**ASSIGNMENT**
Drop every picture and give the entries back exactly.
+--
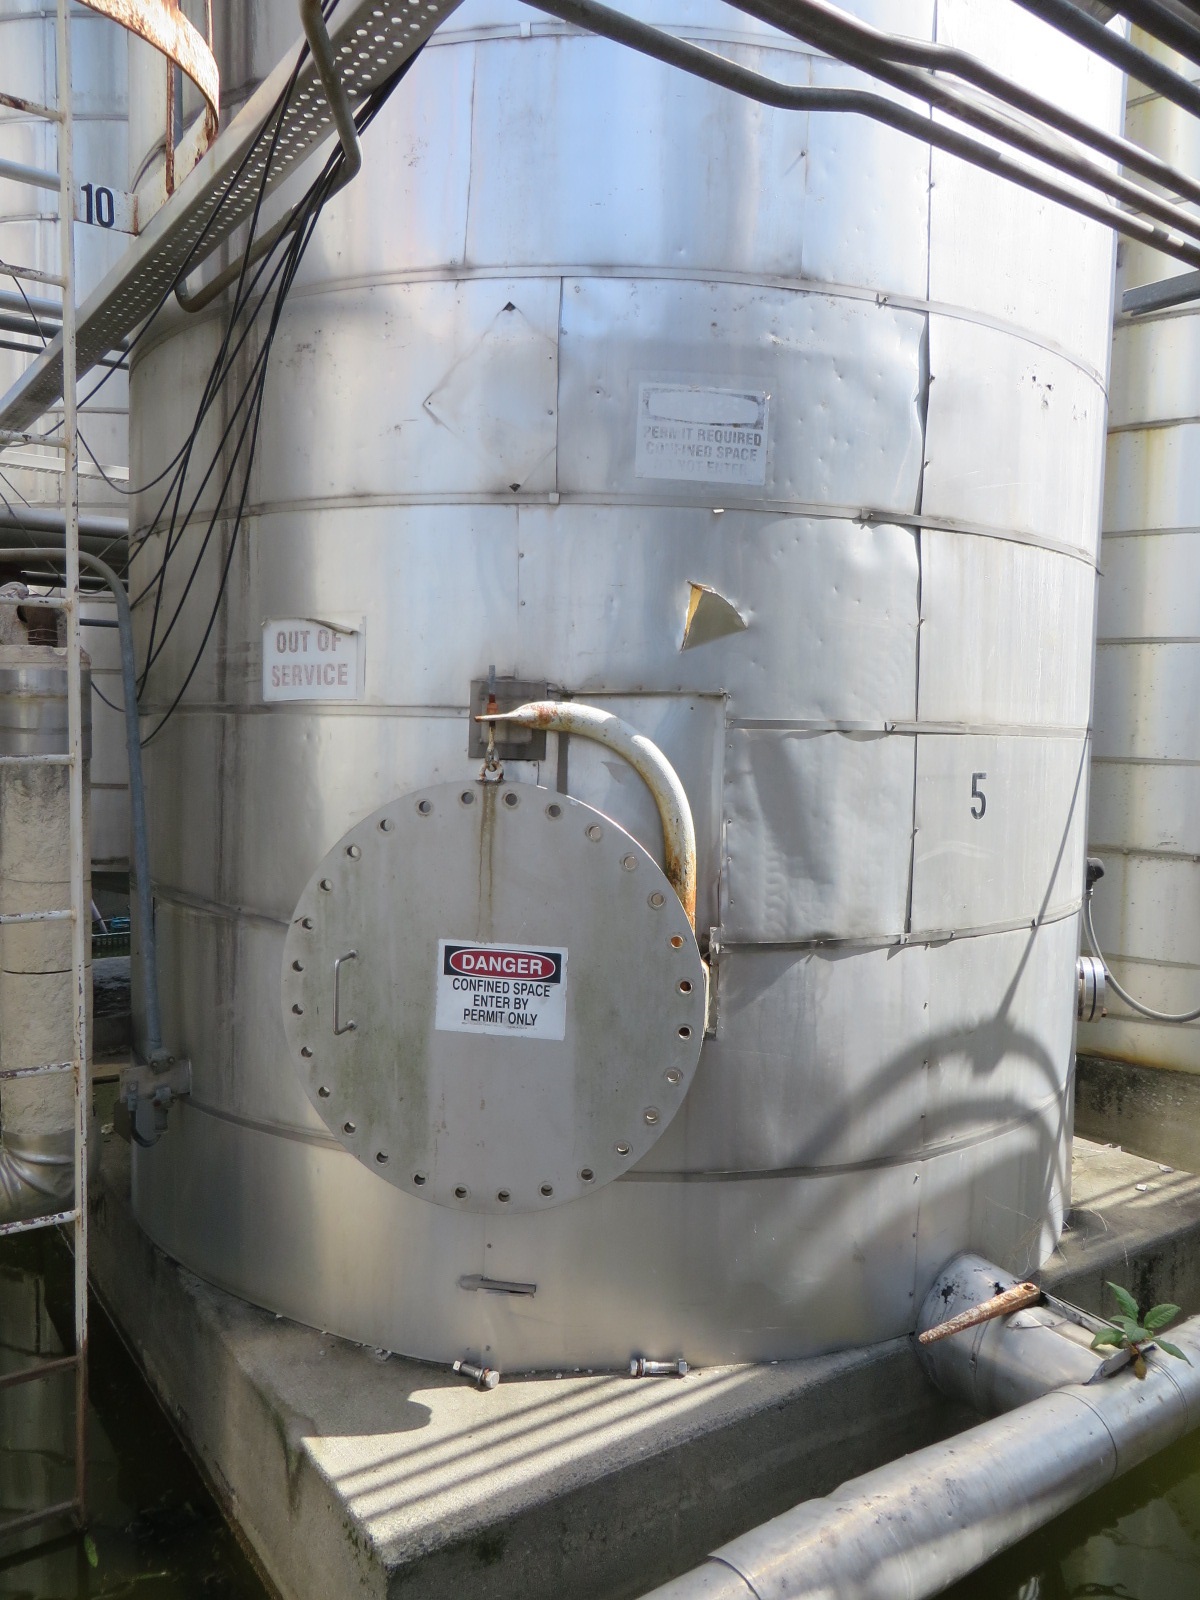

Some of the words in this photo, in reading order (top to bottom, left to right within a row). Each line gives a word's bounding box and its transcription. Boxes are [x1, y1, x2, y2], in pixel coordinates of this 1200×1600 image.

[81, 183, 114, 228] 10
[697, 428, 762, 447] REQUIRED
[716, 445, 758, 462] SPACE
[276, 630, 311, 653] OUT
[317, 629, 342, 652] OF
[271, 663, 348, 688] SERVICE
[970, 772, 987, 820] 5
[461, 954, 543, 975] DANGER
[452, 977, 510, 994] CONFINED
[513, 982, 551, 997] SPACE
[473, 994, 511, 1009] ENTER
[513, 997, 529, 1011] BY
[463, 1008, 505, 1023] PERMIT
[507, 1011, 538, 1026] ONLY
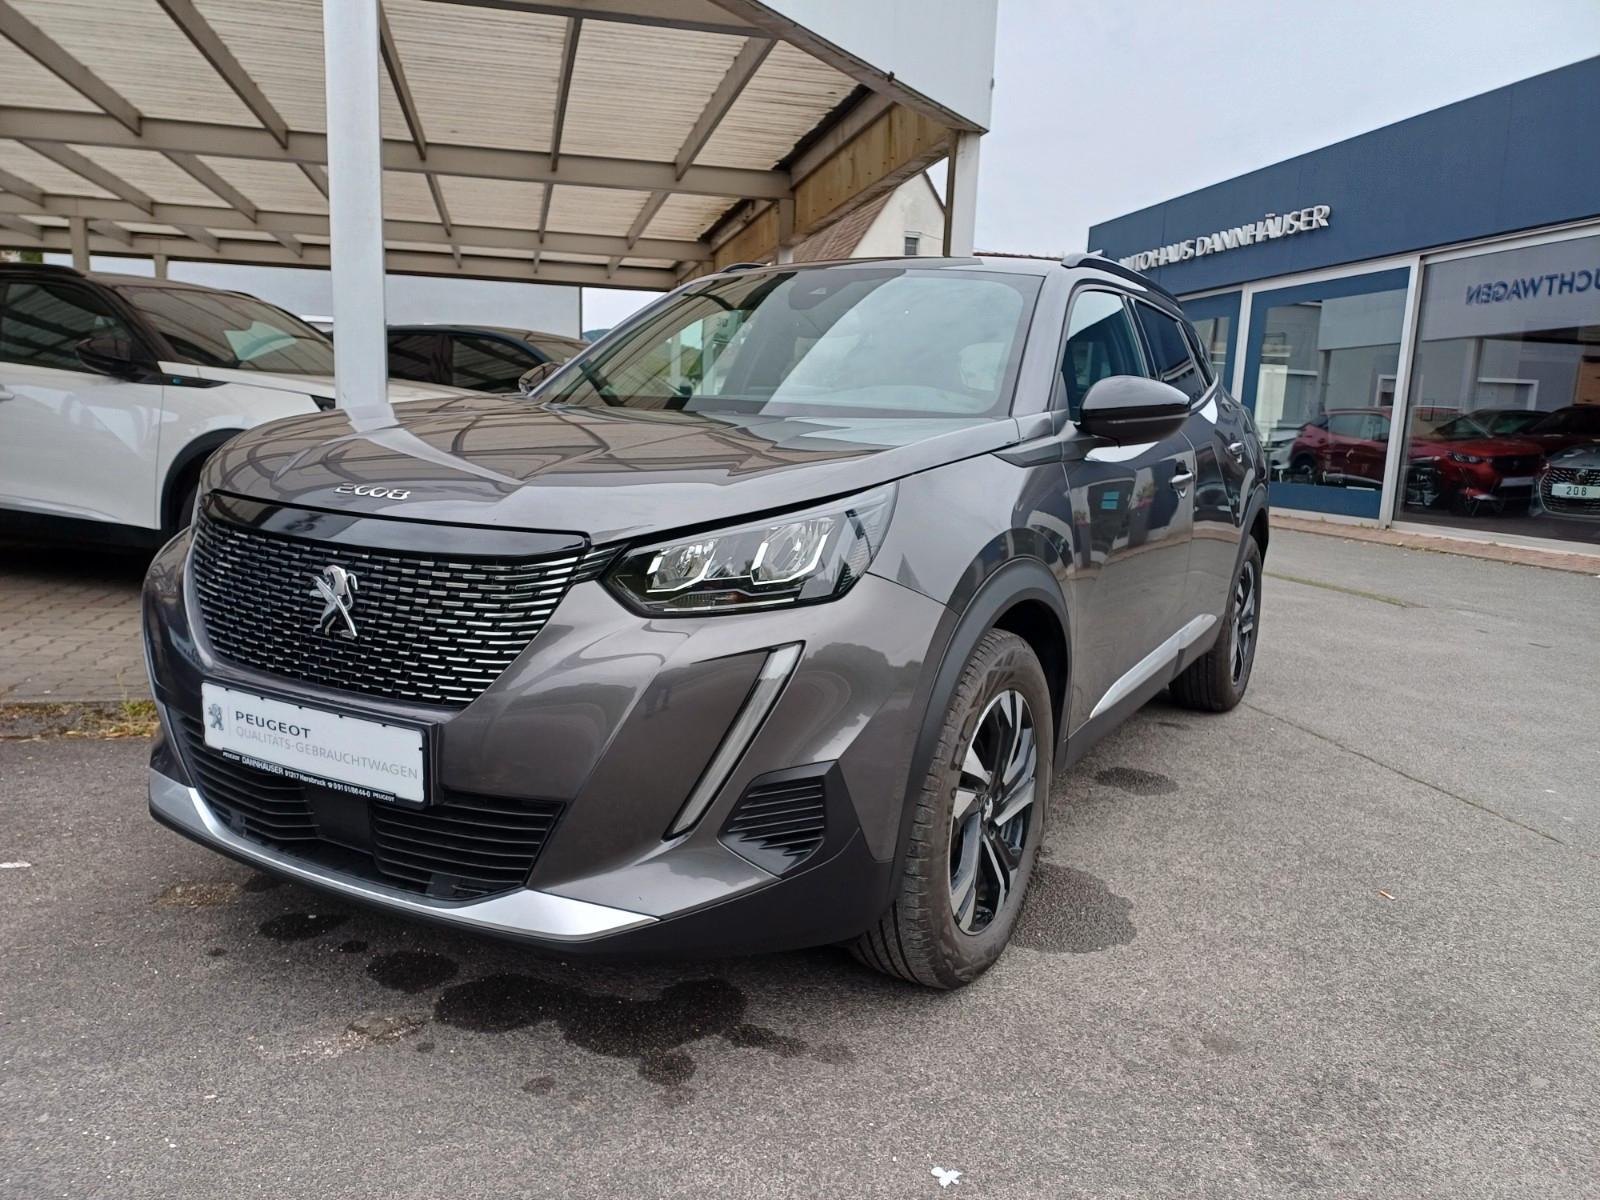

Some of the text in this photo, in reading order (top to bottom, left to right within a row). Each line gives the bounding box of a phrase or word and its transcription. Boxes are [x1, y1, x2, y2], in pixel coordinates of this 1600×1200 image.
+--
**OUTPUT OF THE TASK**
Some of the words in this photo, in reading order (top to bottom, left to right within a row). Each line gives a word's bounding box and its transcription. Boxes are [x1, y1, x2, y2], in pixel coordinates of this 1200×1600 image.

[81, 183, 114, 228] 10
[697, 428, 762, 447] REQUIRED
[716, 445, 758, 462] SPACE
[276, 630, 311, 653] OUT
[317, 629, 342, 652] OF
[271, 663, 348, 688] SERVICE
[970, 772, 987, 820] 5
[461, 954, 543, 975] DANGER
[452, 977, 510, 994] CONFINED
[513, 982, 551, 997] SPACE
[473, 994, 511, 1009] ENTER
[513, 997, 529, 1011] BY
[463, 1008, 505, 1023] PERMIT
[507, 1011, 538, 1026] ONLY

Some of the text in this photo, in reading order (top to bottom, left to right within a row). Each line gives the bounding box of a phrase or word and its transcription. Boxes are [x1, y1, x2, y2], in pixel coordinates of this 1600×1200 image.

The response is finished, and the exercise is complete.